* **WHAT THE TASK ASKS**: Without including any images, reproduce each entry exactly.

********************

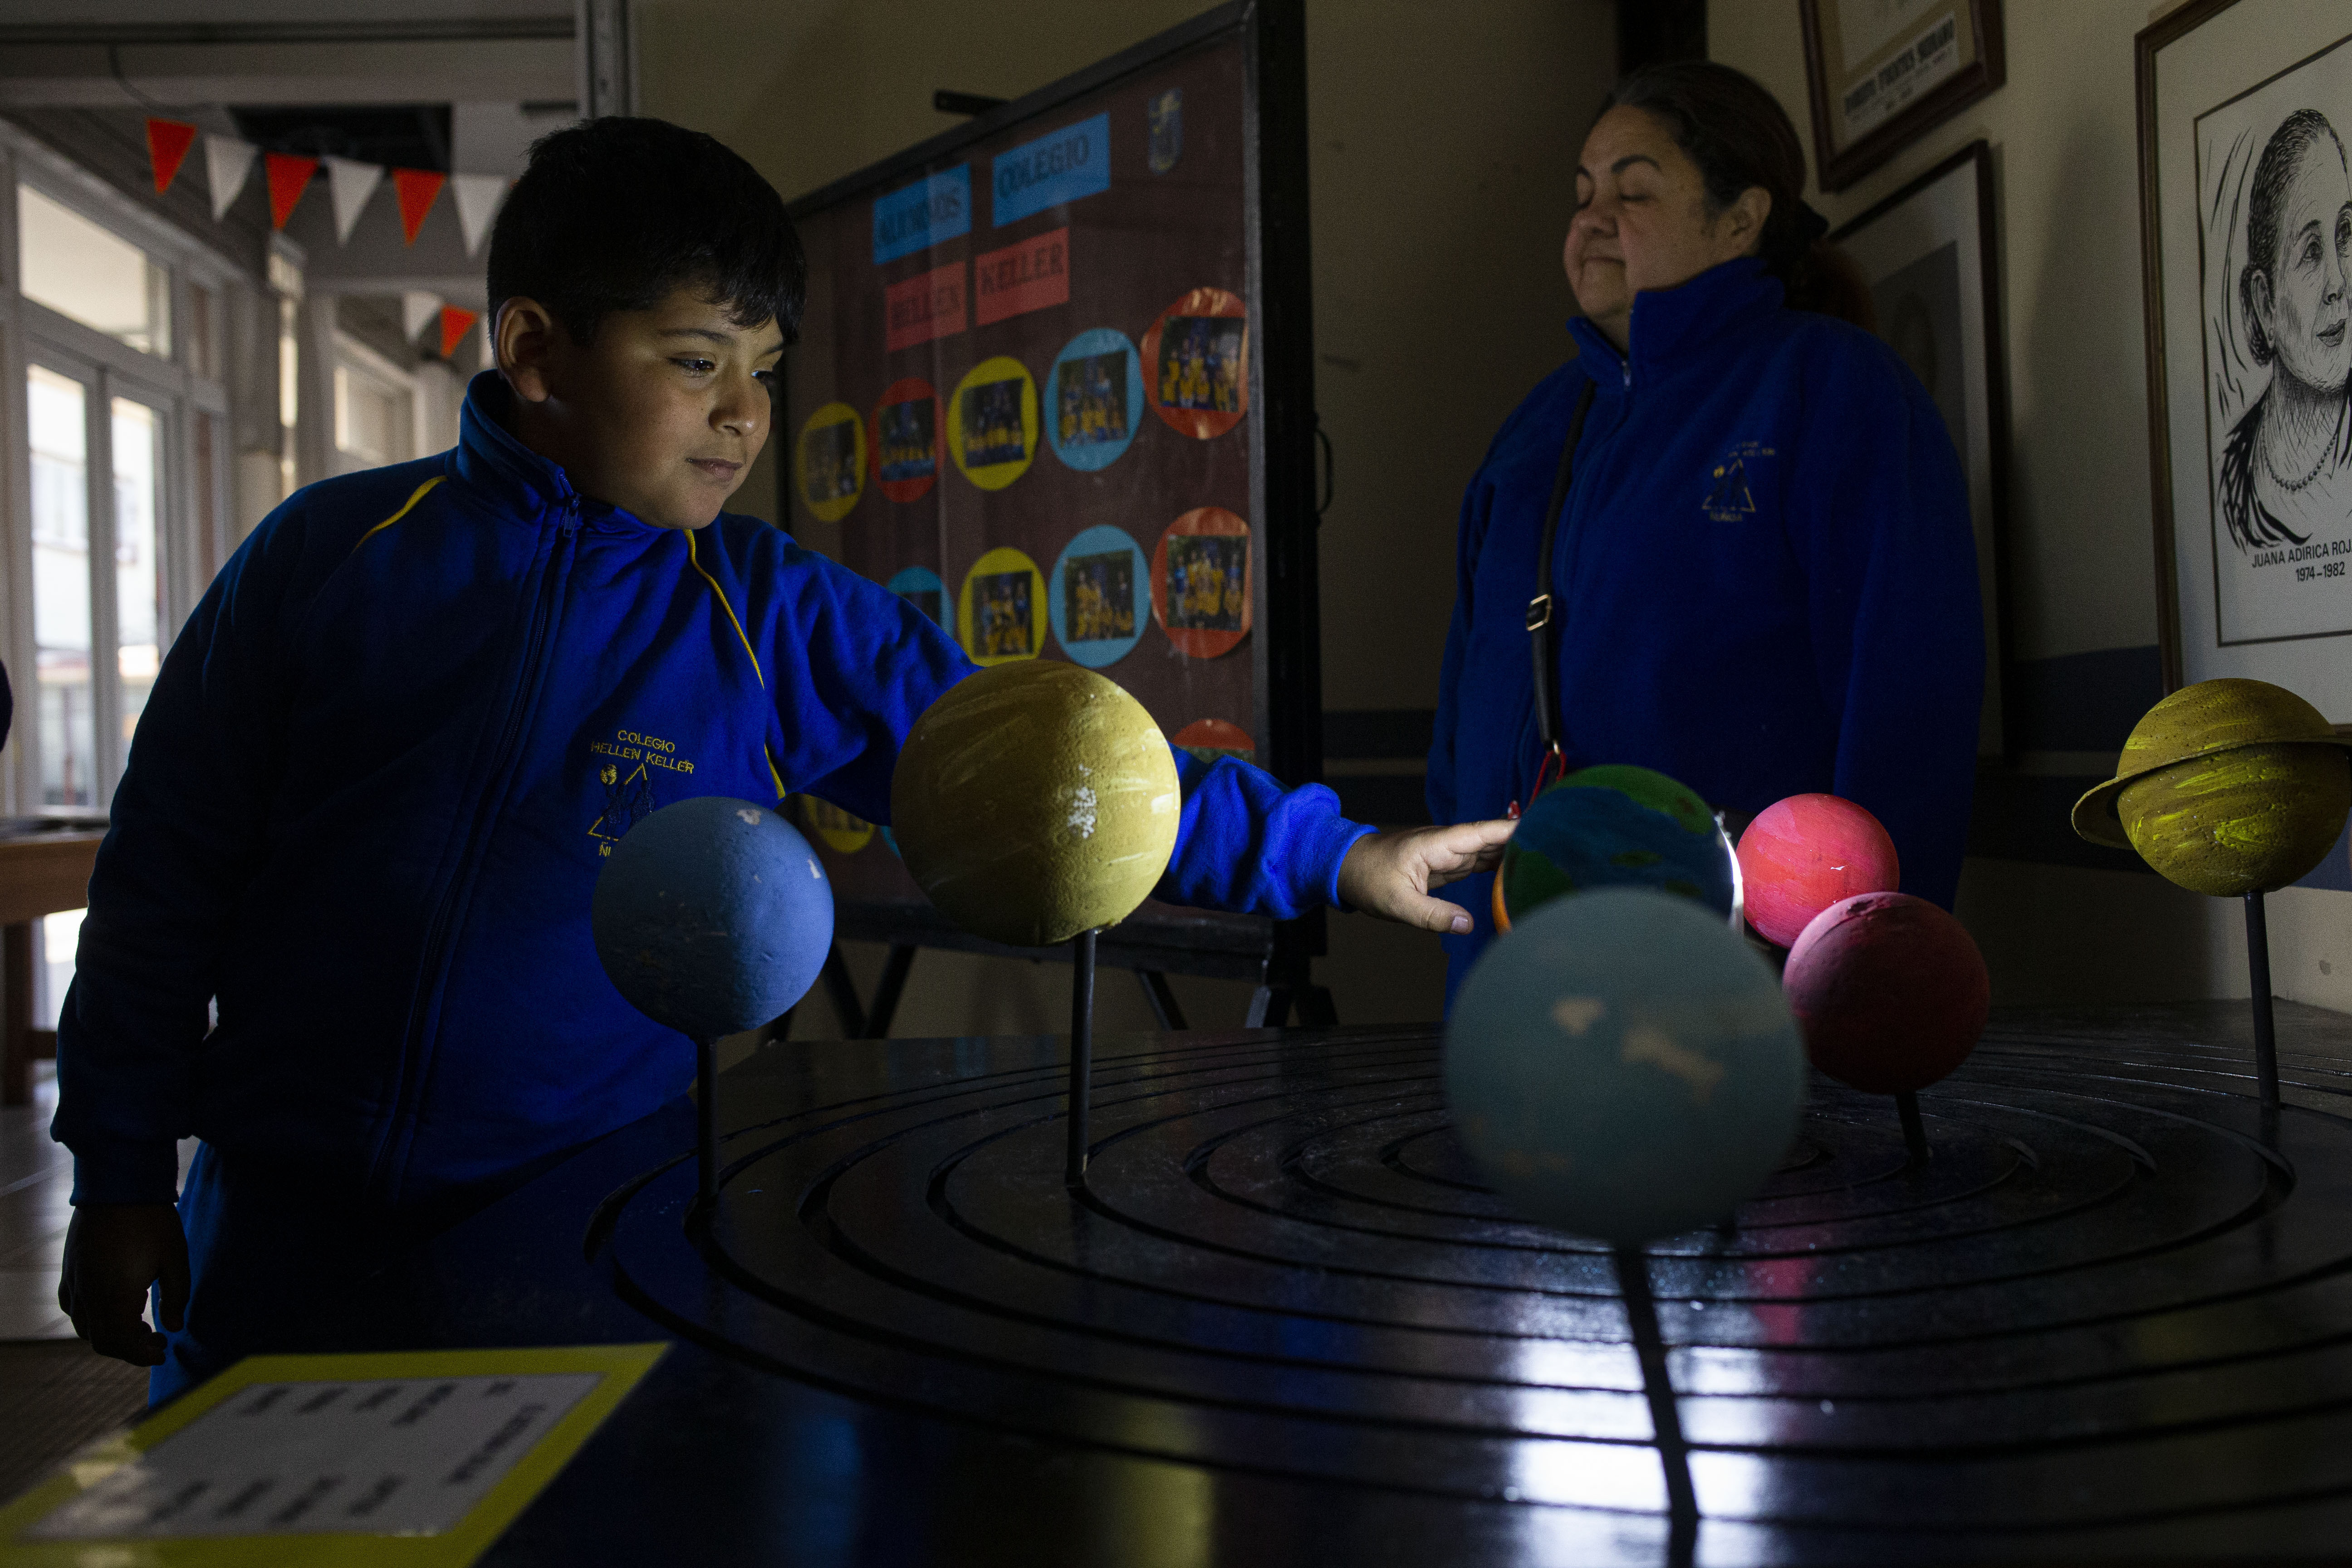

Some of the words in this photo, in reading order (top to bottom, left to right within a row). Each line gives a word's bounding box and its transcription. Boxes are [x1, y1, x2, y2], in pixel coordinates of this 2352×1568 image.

[981, 241, 1064, 295] KELLER
[2252, 550, 2285, 568] JUANA
[2288, 544, 2329, 563] ADIRICA
[2332, 539, 2352, 556] ROJ
[2296, 561, 2345, 582] 1974-1982
[617, 730, 675, 753] COLEGIO
[590, 741, 641, 760] HELLEN
[646, 751, 695, 774] KELLER
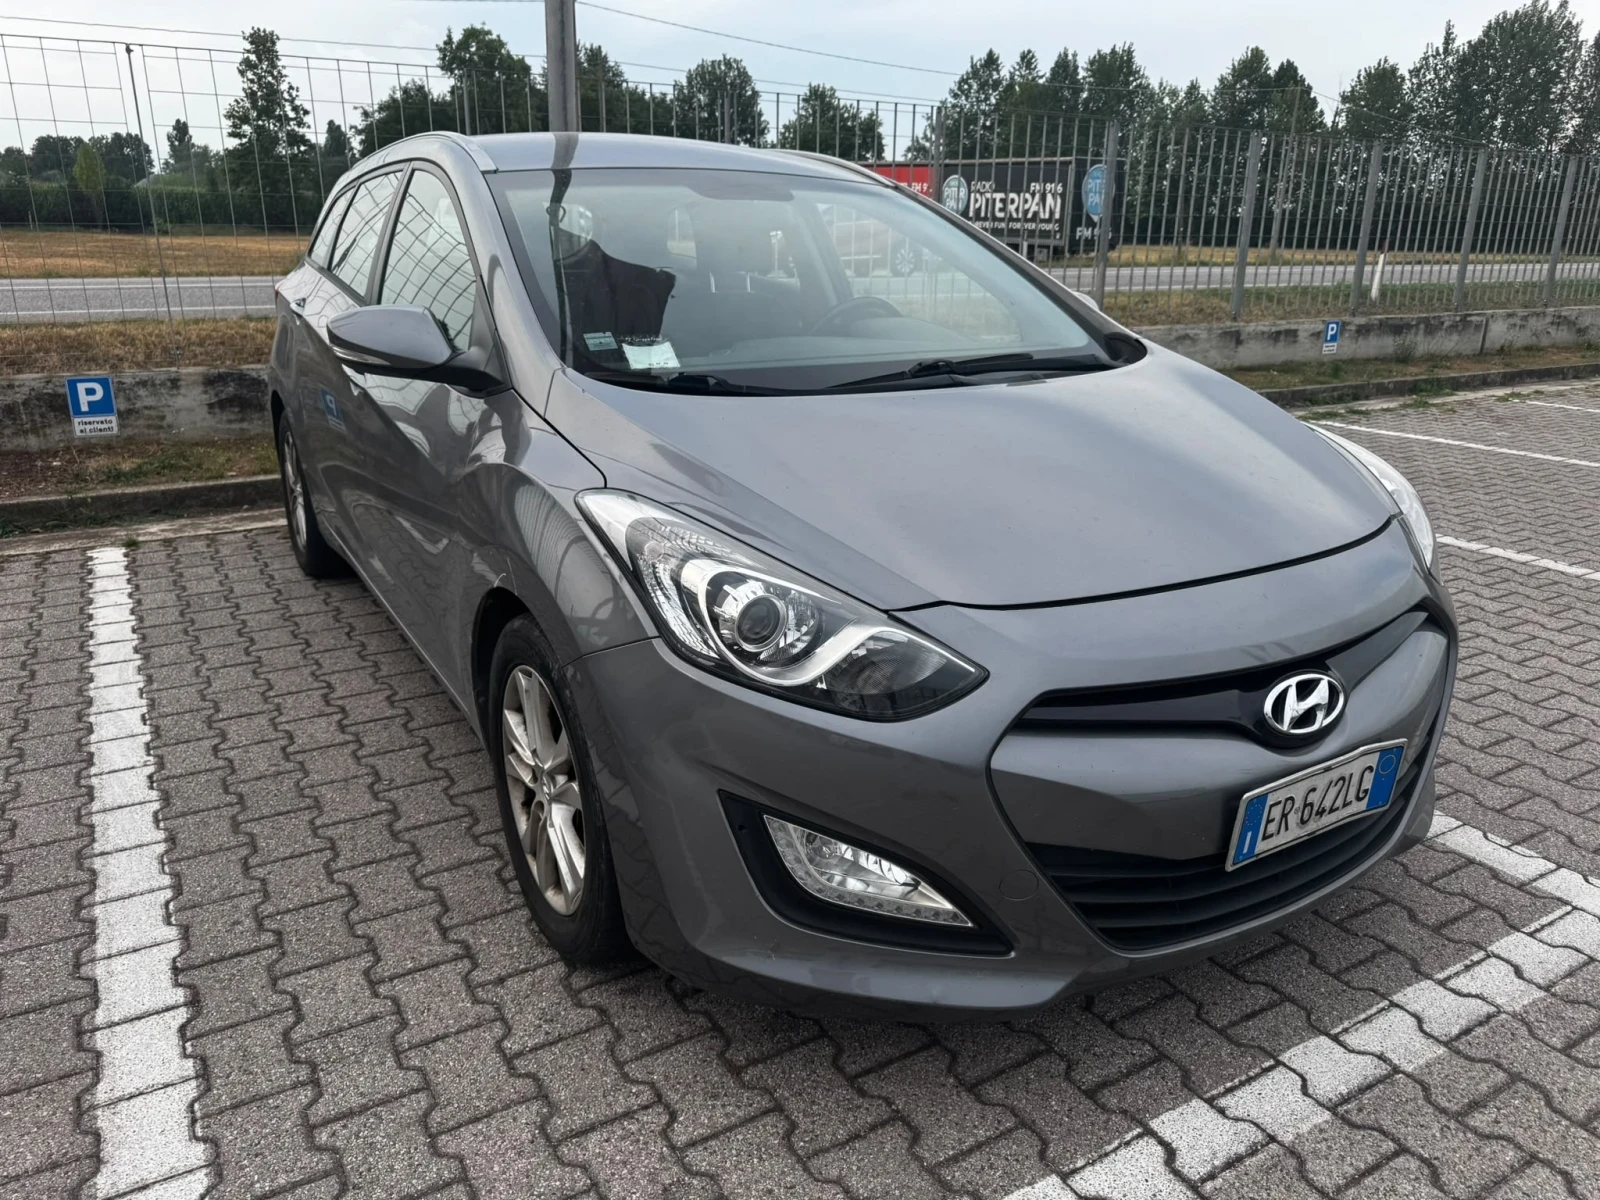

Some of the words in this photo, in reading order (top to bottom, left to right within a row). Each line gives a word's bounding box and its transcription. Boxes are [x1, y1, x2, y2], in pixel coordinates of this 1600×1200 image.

********************

* **SOLUTION**:
Some of the words in this photo, in reading order (top to bottom, left to right within a row). Each line gives a word's bounding box and its transcription. Boxes are [x1, y1, x2, y2], in pixel coordinates of this 2352×1568 image.

[981, 241, 1064, 295] KELLER
[2252, 550, 2285, 568] JUANA
[2288, 544, 2329, 563] ADIRICA
[2332, 539, 2352, 556] ROJ
[2296, 561, 2345, 582] 1974-1982
[617, 730, 675, 753] COLEGIO
[590, 741, 641, 760] HELLEN
[646, 751, 695, 774] KELLER

Some of the words in this photo, in reading order (top to bottom, left to right within a row). Each line gives a word's bounding box and its transcription. Boxes are [x1, y1, x2, y2], in pixel coordinates of this 1600×1200 image.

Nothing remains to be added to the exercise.